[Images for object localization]
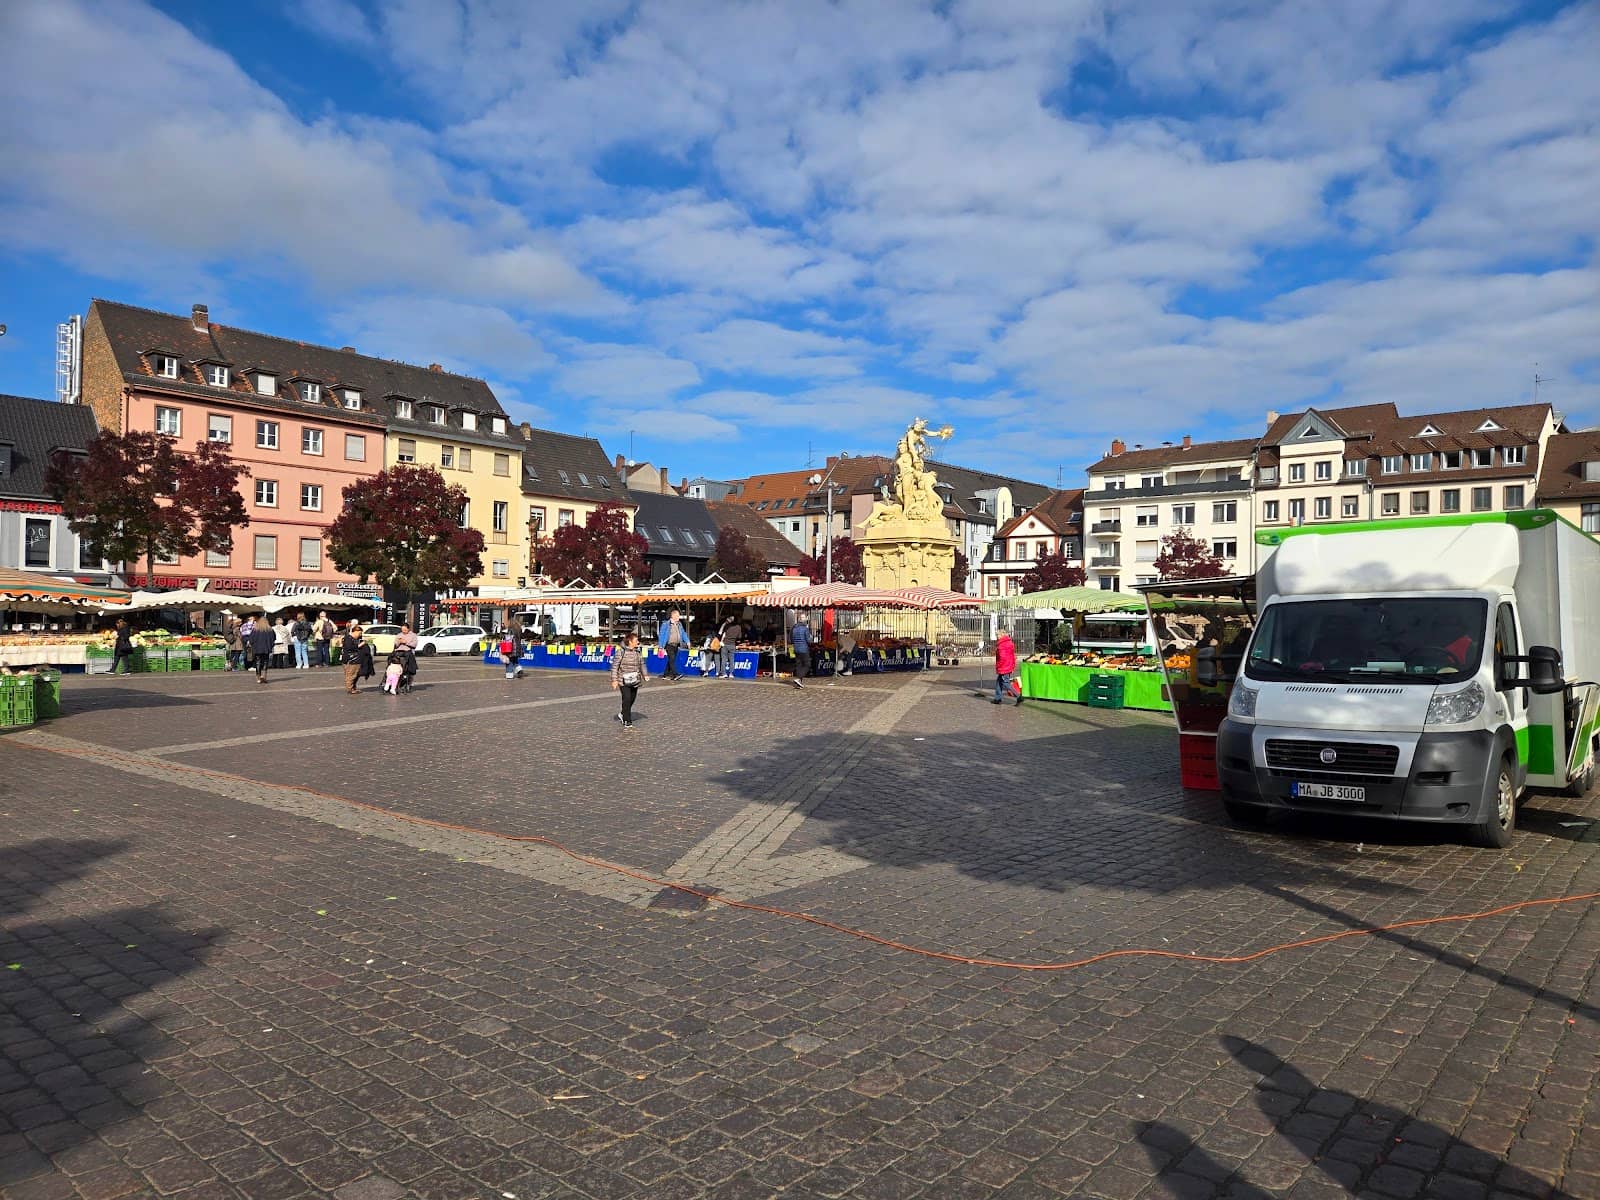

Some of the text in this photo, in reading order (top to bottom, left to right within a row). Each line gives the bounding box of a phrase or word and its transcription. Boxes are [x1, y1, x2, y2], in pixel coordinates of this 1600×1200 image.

[269, 580, 330, 596] Adana
[1299, 784, 1364, 800] MA JB 3000
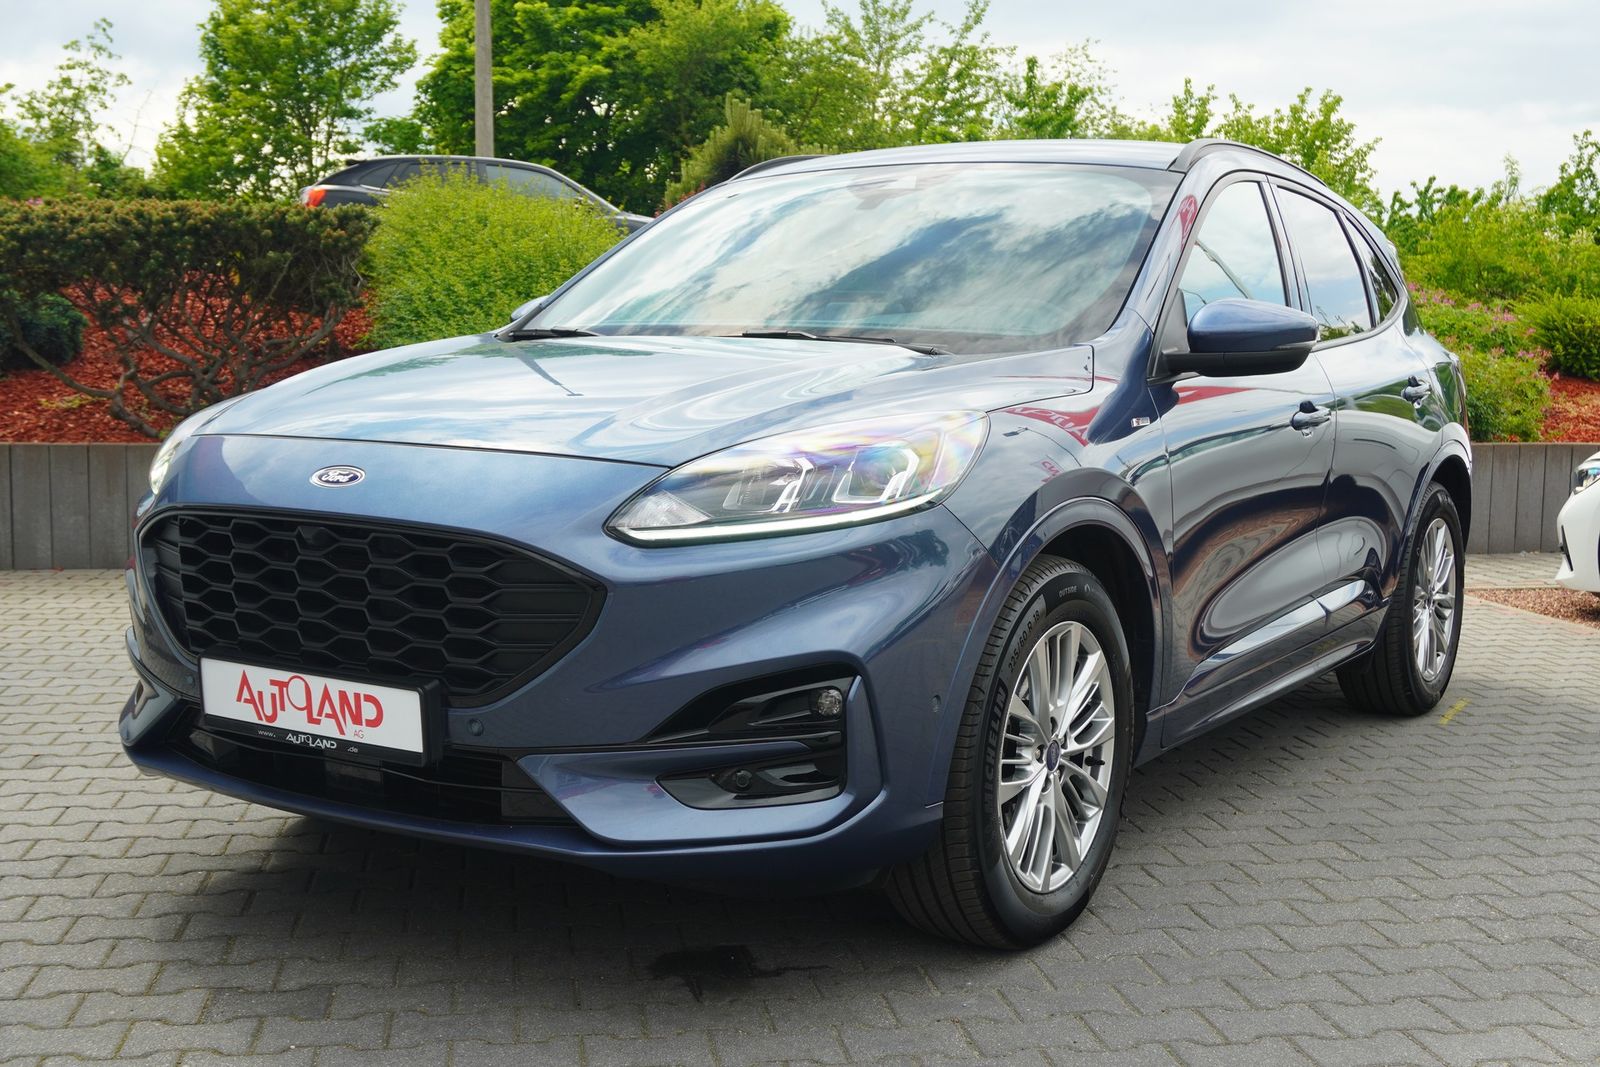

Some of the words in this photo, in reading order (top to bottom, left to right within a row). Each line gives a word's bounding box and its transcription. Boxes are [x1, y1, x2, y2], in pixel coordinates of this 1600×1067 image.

[321, 469, 354, 483] Ford
[1008, 630, 1027, 673] 225/60
[1027, 621, 1034, 633] R
[1033, 610, 1041, 623] 18
[236, 670, 384, 736] AUTOLAND
[257, 729, 276, 738] www.
[285, 732, 337, 749] AUTOLAND
[353, 729, 365, 739] AG
[983, 686, 1008, 814] MICHELIN
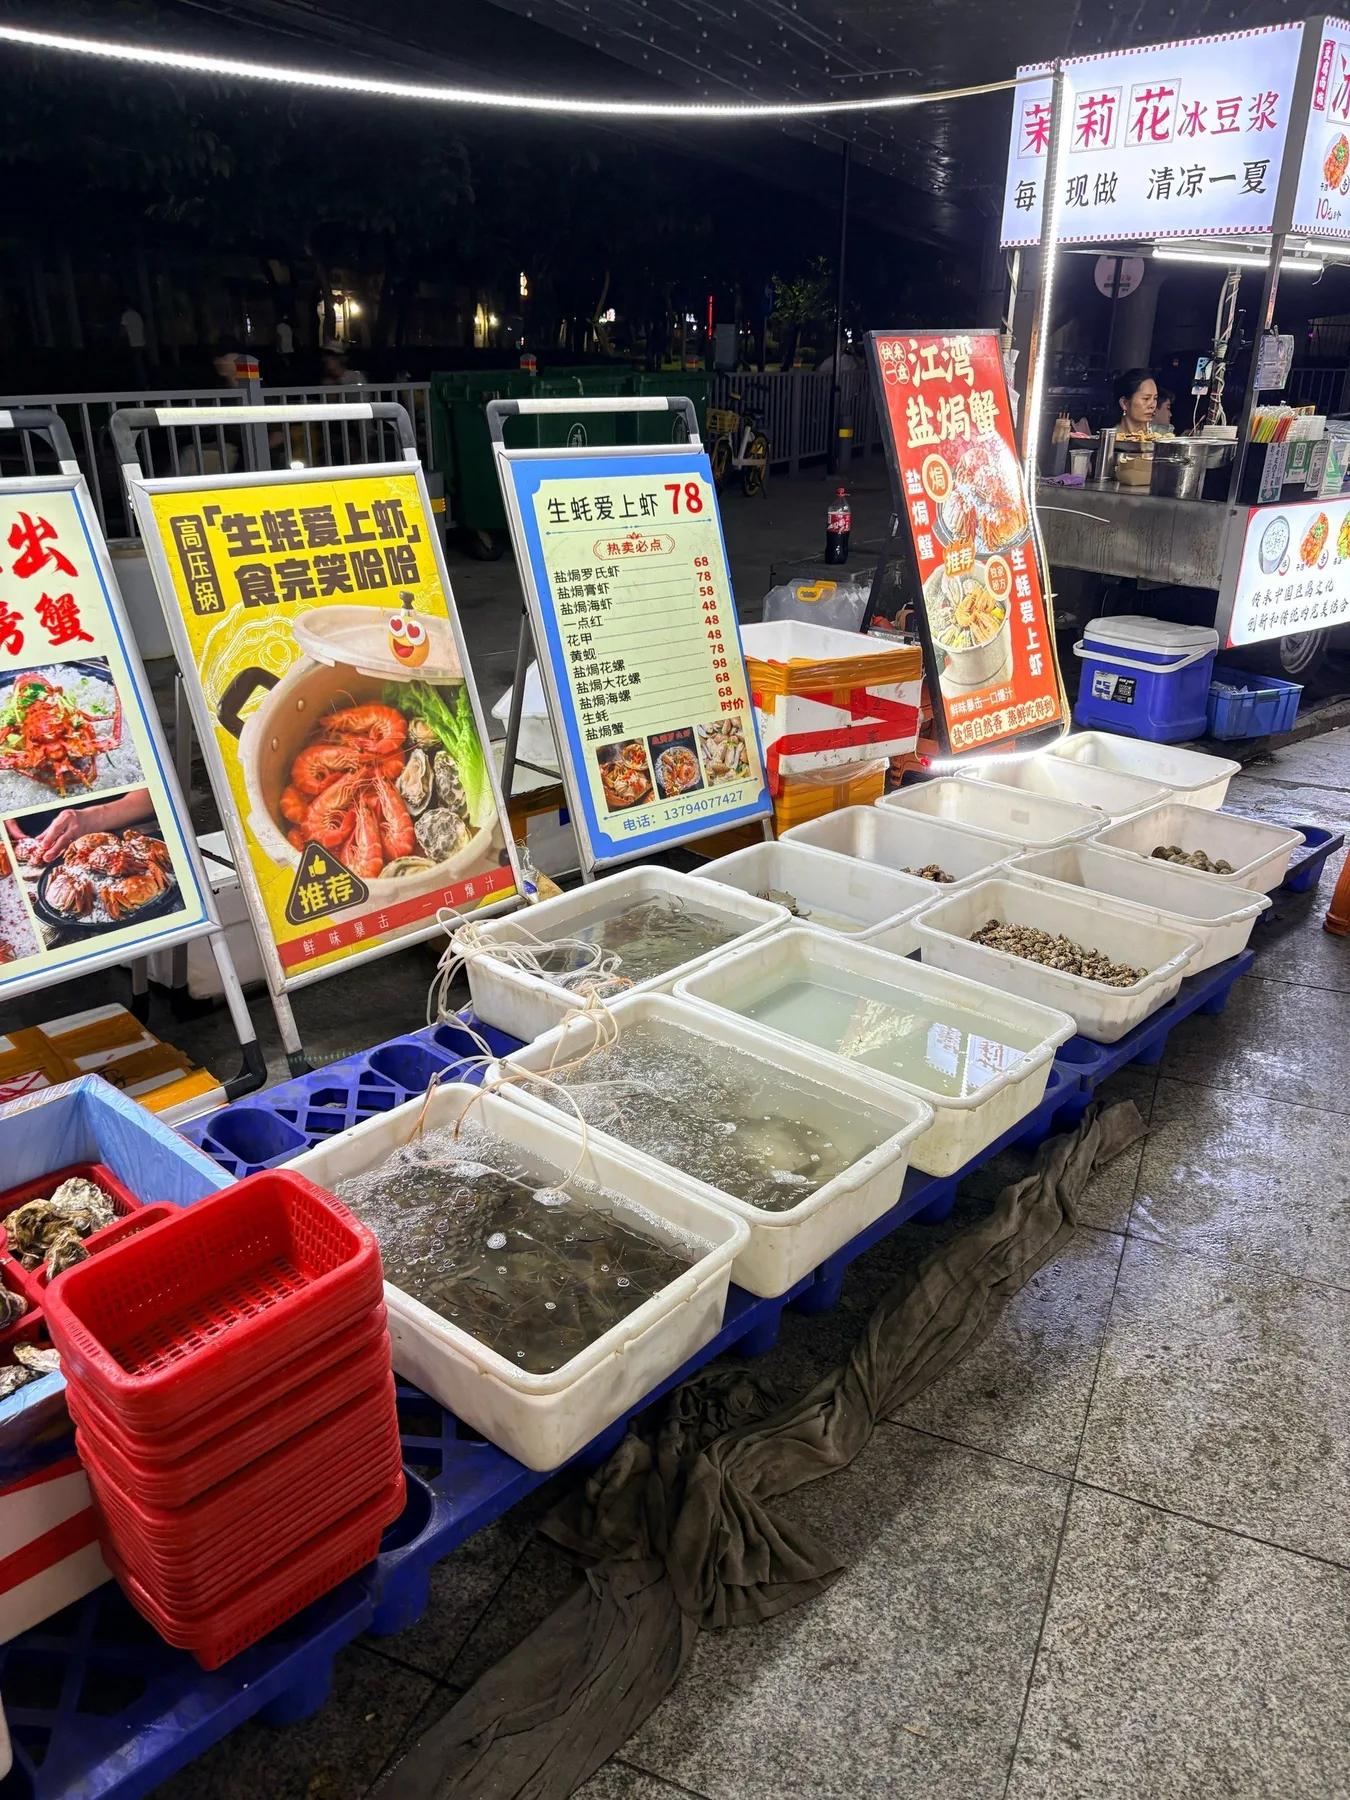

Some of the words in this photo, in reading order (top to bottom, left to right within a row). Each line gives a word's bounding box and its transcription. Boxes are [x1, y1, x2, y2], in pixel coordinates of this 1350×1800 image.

[What to do] Without the pictures, please output every record exactly.

[Answer box]
Some of the text in this photo, in reading order (top to bottom, left to right within a row). Each line gives the bounding box of a phrase or word and its transcription. Boxes are [x1, y1, x2, y2], in pixel coordinates of this 1600×1200 image.

[269, 580, 330, 596] Adana
[1299, 784, 1364, 800] MA JB 3000

Some of the words in this photo, in reading order (top to bottom, left to right within a row). Each line gives a word's bounding box and its transcription. Boxes are [x1, y1, x2, y2], in pixel coordinates of this 1600×1067 image.

[321, 469, 354, 483] Ford
[1008, 630, 1027, 673] 225/60
[1027, 621, 1034, 633] R
[1033, 610, 1041, 623] 18
[236, 670, 384, 736] AUTOLAND
[257, 729, 276, 738] www.
[285, 732, 337, 749] AUTOLAND
[353, 729, 365, 739] AG
[983, 686, 1008, 814] MICHELIN

Some of the words in this photo, in reading order (top to bottom, left to right within a row). Each line gives a word's bounding box and its transcription. Boxes are [x1, y1, x2, y2], in pixel coordinates of this 1350×1800 image.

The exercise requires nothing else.